=== Work task ===
Return each record unchanged and drop the images.

══ Available data

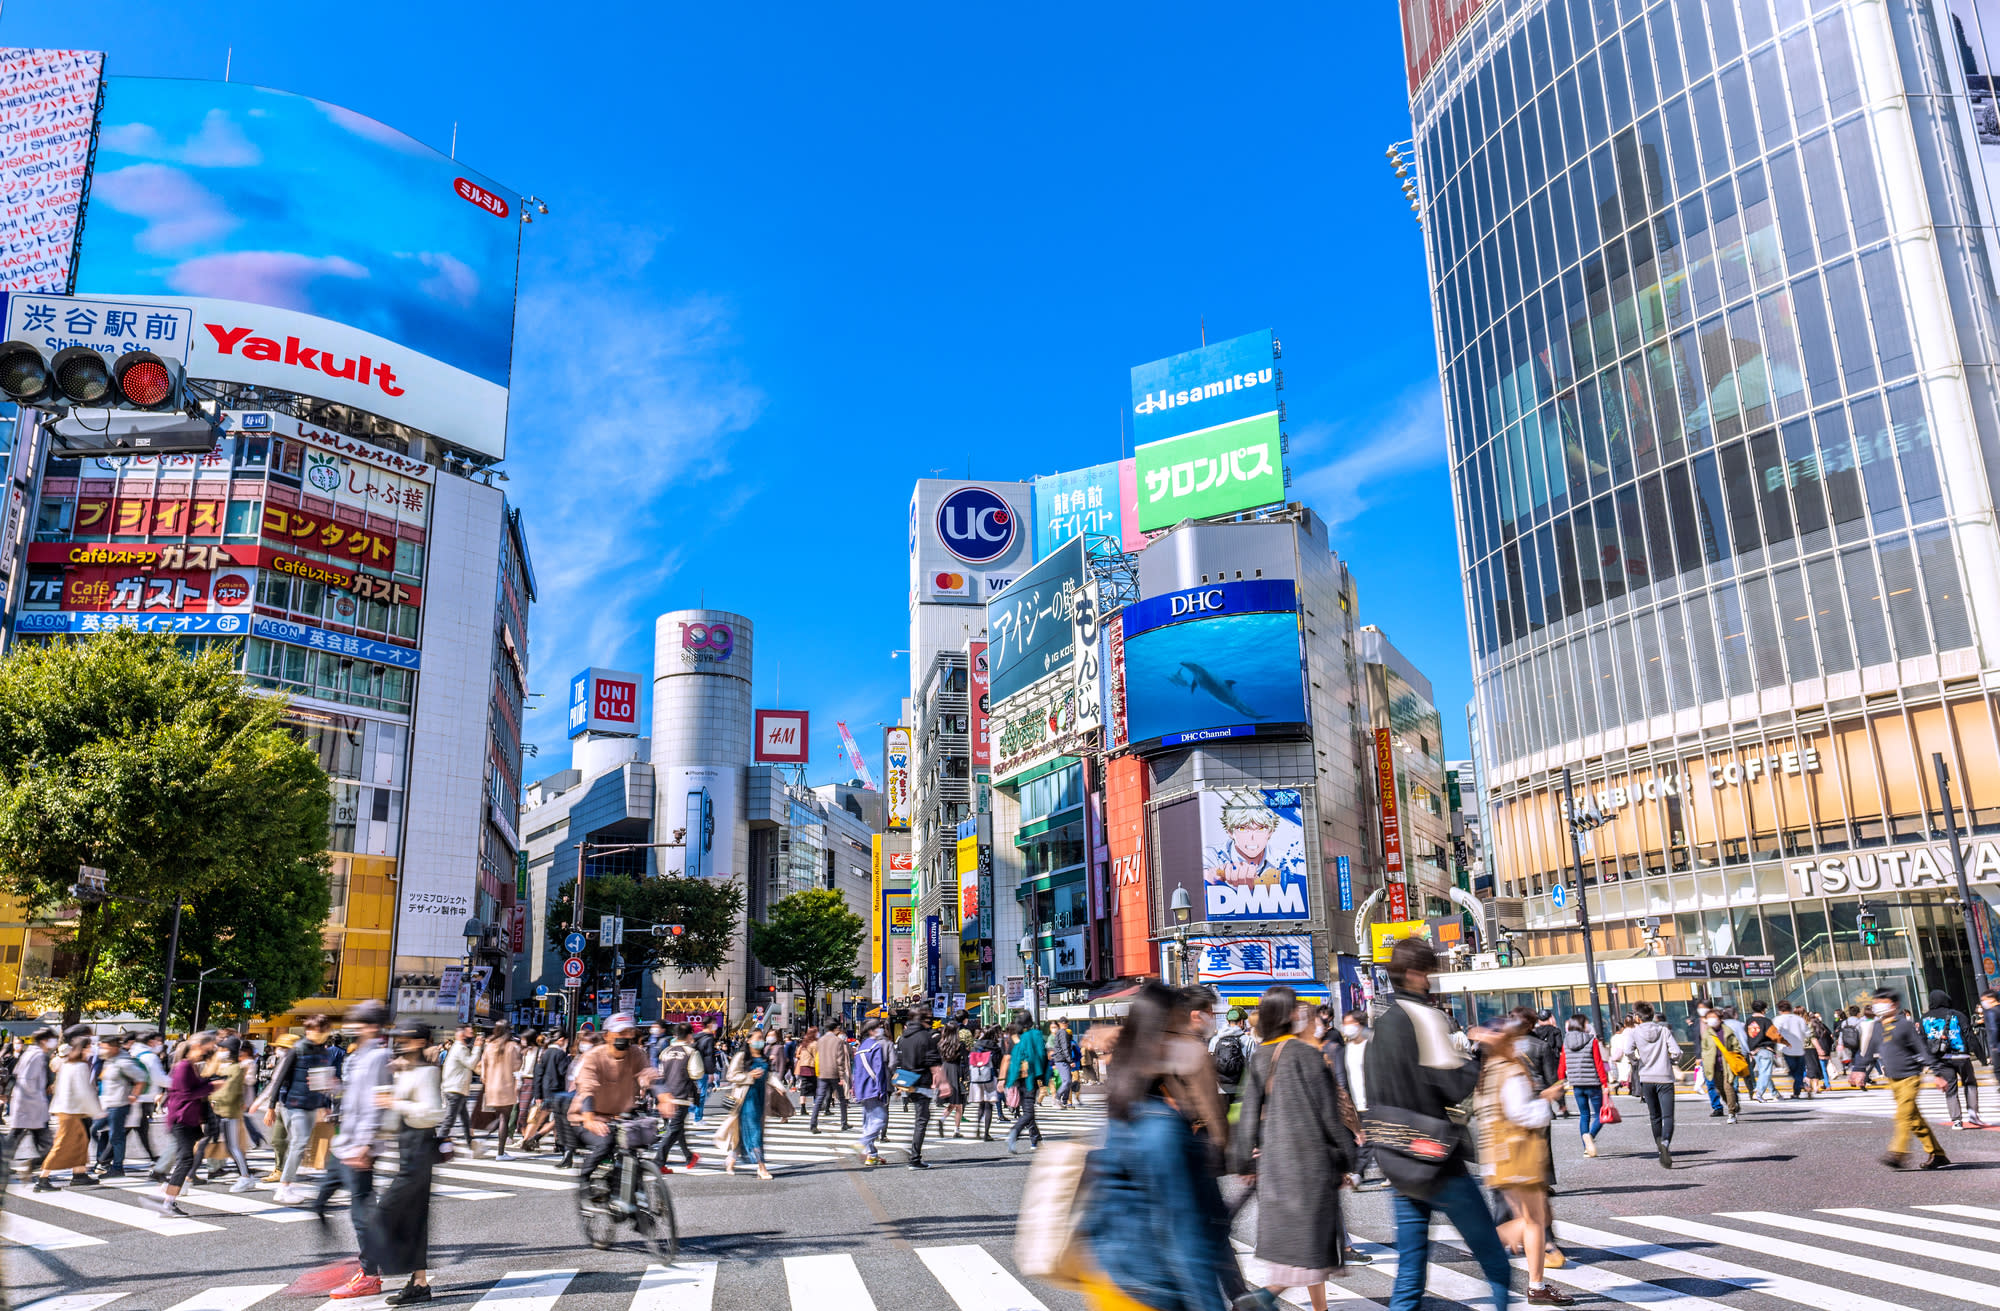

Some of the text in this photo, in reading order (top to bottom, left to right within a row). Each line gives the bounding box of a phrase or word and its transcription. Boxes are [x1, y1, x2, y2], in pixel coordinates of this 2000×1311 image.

[13, 159, 60, 178] VISION
[7, 203, 28, 217] HIT
[460, 182, 504, 213] ミルミル
[25, 211, 45, 224] HIT
[48, 242, 70, 256] HIT
[23, 304, 178, 341] 渋谷駅前
[203, 323, 405, 397] Yakult
[298, 422, 428, 476] しゃぶしゃぶバイキング
[1145, 443, 1273, 503] サロンパス
[348, 469, 424, 512] しゃぶ葉
[1054, 485, 1103, 515] 龍角散
[79, 500, 217, 527] プライス
[264, 507, 391, 560] コンタクト
[69, 545, 230, 569] Caféレストラン ガスト
[30, 581, 63, 599] 7F
[71, 580, 110, 595] Café
[111, 577, 200, 609] ガスト
[218, 588, 246, 598] ガスト
[274, 557, 409, 604] Caféレストラン ガスト
[1170, 590, 1224, 617] DHC
[25, 615, 67, 627] AEON
[82, 614, 238, 632] 英会話イーオン 6F
[260, 620, 299, 639] AEON
[310, 629, 417, 664] 英会話イーオン
[679, 622, 734, 661] 109
[681, 653, 713, 662] SHIBUYA
[1076, 589, 1099, 723] もんじゃ
[600, 684, 628, 700] UNI
[600, 702, 630, 717] QLO
[769, 727, 795, 744] H&M
[1181, 729, 1231, 742] DHC Channel
[1378, 732, 1393, 810] クスリのことなら
[1711, 748, 1819, 788] COFFEE
[1384, 815, 1401, 866] 三千里
[1790, 841, 2000, 894] TSUTAYA
[408, 904, 467, 916] デザイン製作中
[409, 893, 467, 904] ツツミプロジェクト
[1206, 883, 1306, 915] DMM
[1198, 944, 1300, 971] 堂書店

════

=== Your response ===
Some of the text in this photo, in reading order (top to bottom, left to right within a row). Each line gives the bounding box of a phrase or word and its transcription. Boxes are [x1, y1, x2, y2], in pixel coordinates of this 2000×1311 image.

[13, 159, 60, 178] VISION
[7, 203, 28, 217] HIT
[460, 182, 504, 213] ミルミル
[25, 211, 45, 224] HIT
[48, 242, 70, 256] HIT
[23, 304, 178, 341] 渋谷駅前
[203, 323, 405, 397] Yakult
[298, 422, 428, 476] しゃぶしゃぶバイキング
[1145, 443, 1273, 503] サロンパス
[348, 469, 424, 512] しゃぶ葉
[1054, 485, 1103, 515] 龍角散
[79, 500, 217, 527] プライス
[264, 507, 391, 560] コンタクト
[69, 545, 230, 569] Caféレストラン ガスト
[30, 581, 63, 599] 7F
[71, 580, 110, 595] Café
[111, 577, 200, 609] ガスト
[218, 588, 246, 598] ガスト
[274, 557, 409, 604] Caféレストラン ガスト
[1170, 590, 1224, 617] DHC
[25, 615, 67, 627] AEON
[82, 614, 238, 632] 英会話イーオン 6F
[260, 620, 299, 639] AEON
[310, 629, 417, 664] 英会話イーオン
[679, 622, 734, 661] 109
[681, 653, 713, 662] SHIBUYA
[1076, 589, 1099, 723] もんじゃ
[600, 684, 628, 700] UNI
[600, 702, 630, 717] QLO
[769, 727, 795, 744] H&M
[1181, 729, 1231, 742] DHC Channel
[1378, 732, 1393, 810] クスリのことなら
[1711, 748, 1819, 788] COFFEE
[1384, 815, 1401, 866] 三千里
[1790, 841, 2000, 894] TSUTAYA
[408, 904, 467, 916] デザイン製作中
[409, 893, 467, 904] ツツミプロジェクト
[1206, 883, 1306, 915] DMM
[1198, 944, 1300, 971] 堂書店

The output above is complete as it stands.